Blastocystis is a single- celled enteric protozoan that has a world-wide distribution.1 Blastocystis is the most common parasite isolated from human stool samples in developing and developed countries.2,3 Rates of infection vary from 3.3% in developed countries4 to 53.8% in developing countries.5 Blastocystis is found in humans and animals. There has been some controversy over whether this protozoan is considered pathogenic in humans but many recent in vivo and in vitro studies strongly suggest that this organism is a pathogen.68

The wide range in prevalence of Blastocystis seen between countries can be attributed to several factors such as socioeconomic conditions, but also to the different diagnostic methods used for detection. The most common diagnostic technique used worldwide for identification of Blastocystis is the permanent stain. The use of xenic cultures, in which Blastocystis is grown in vitro with non-specific microorganisms, has been shown to be more sensitive in detecting Blastocystis but it is not commonly used in the diagnostic laboratory.911 Molecular diagnosis by polymerase chain reaction (PCR) using the small subunit (SSU) ribosomal RNA gene is becoming more widely used for detection of enteric parasites. Although this technique is more costly, it is known to be more sensitive than the direct smear and xenic culture.12 Because considerable diversity exists in the rDNA of Blastocystis, as the result of diversification of this species into a wide range of genotypes, the choice of primers is crucial from a diagnostic perspective. Some primers may amplify specific subtypes preferentially, which could result in some subtypes being missed in the analysis. Also it is preferable that the PCR primers are compatible with DNA extracted directly from stool.

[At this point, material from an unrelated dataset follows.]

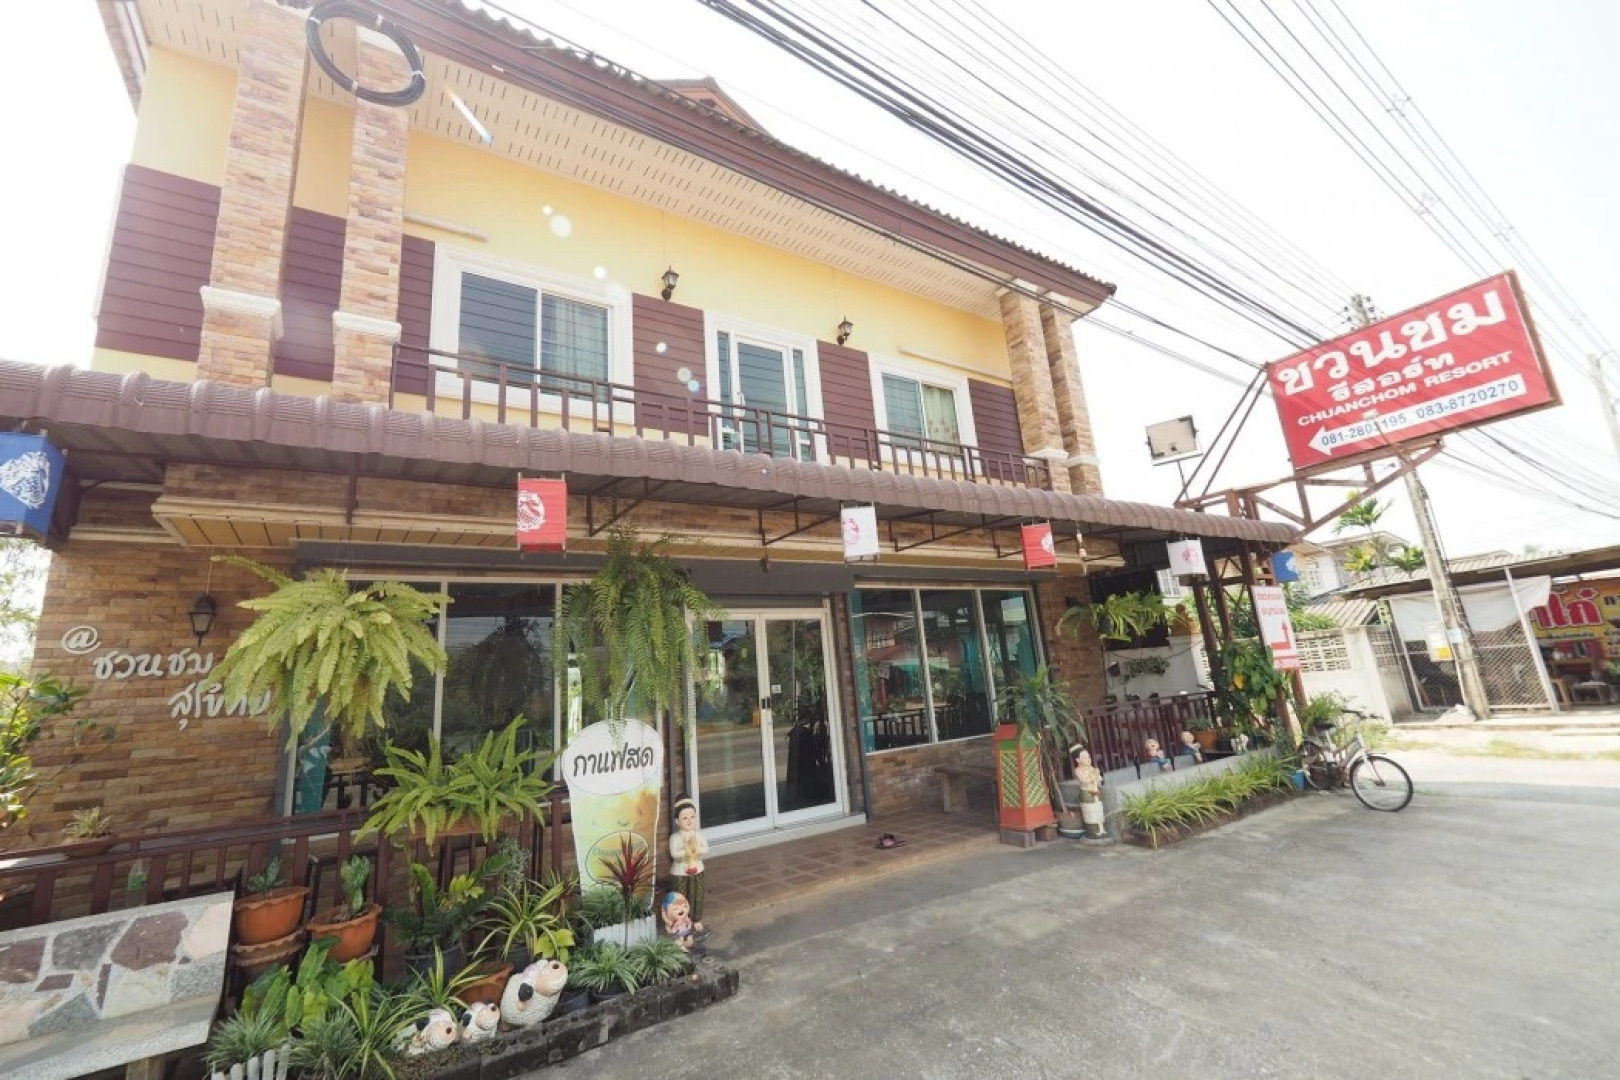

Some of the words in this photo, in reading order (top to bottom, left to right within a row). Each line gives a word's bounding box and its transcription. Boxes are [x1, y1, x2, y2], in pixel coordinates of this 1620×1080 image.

There is a considerable degree of genetic heterogeneity shown within Blastocystis. Currently, human, mammalian, avian, and reptilian isolates can be assigned to one of 10 subtypes.1216 However, it is still not clear whether any of these subtypes are specific to human disease. Most human Blastocystis infections were shown to be attributed to subtype 3, having been reported in 40–92% of fecal samples.17,18 Although, in some countries this is not the case as seen in Spain where subtype 4 was the most common subtype isolated from a human study group and no isolates were assigned to subtype 3.19

Most epidemiologic studies rely on molecular analysis from cultures containing Blastocystis. Such studies are limited by the fact they do not include Blastocystis that do not grow in culture. In addition, there have only been a few studies that compared the sensitivity of diagnostic techniques used for identification of Blastocystis sp.20,21 Consequently, the aim of this study was to compare five diagnostic techniques (microscopy of a permanent stain using a modified iron-hematoxylin stain, two xenic culture systems (modified Boeck and Drbohlav's medium [MBD] and tryptose, yeast extract, glucose, methionine 9 [TYGM-9] medium), and two published conventional PCR methods specific for the SSU rDNA) for detection of Blastocystis sp. in stool samples.

Materials and Methods

Stool specimens.

All stool specimens (n = 513) submitted to the microbiology department of St. Vincent's Hospital (Sydney, New South Wales, Australia) from patients during March 2008–December 2008 were included in the study. Samples were divided into three aliquots. A portion of the sample was mixed with sodium acetate acetic acid formalin (SAF) preservative and fixed overnight in preparation for permanent staining. A 10-mg sample was taken from the fresh fecal samples for culture and a portion was frozen to be kept for DNA extraction and further PCR analysis.

Microscopy.

Samples fixed in SAF were stained by using a modified iron-hematoxylin stain (Fronine, Riverstone, New South Wales, Australia) according to the manufacturer's instructions and examined by oil-immersion microscopy. Diagnosis of Blastocystis was based on morphology of parasites observed in permanent stained smears.

Culture.

All fresh fecal samples were inoculated into two culture systems upon arrival at the laboratory. Approximately 10 mg of the stool sample was put into monophasic xenic media TYGM-9 and a diphasic xenic system by using a dorset egg slope overlaid with approximately 5 mL of an in house made growth media containing 90% phosphate-buffered saline, 9% sterile horse serum, 1% of 20% [w/v] bacteriologic peptone, 1 mg of rice starch, and 500 μL of penicillin-streptomycin solution. Tubes were incubated at 35°C and a drop of sediment was examined every two days for one week by phase-contrast microscopy for parasites. When parasites were seen in the sediment, a portion of it was fixed in SAF and stained with modified iron-hematoxylin stain for identification of the organism by oil-immersion microscopy.

DNA extraction.

DNA was extracted from all frozen stool samples by using the QIAamp™ DNA Stool Minikit (Qiagen, Hilden, Germany) as per the manufacturer's instructions.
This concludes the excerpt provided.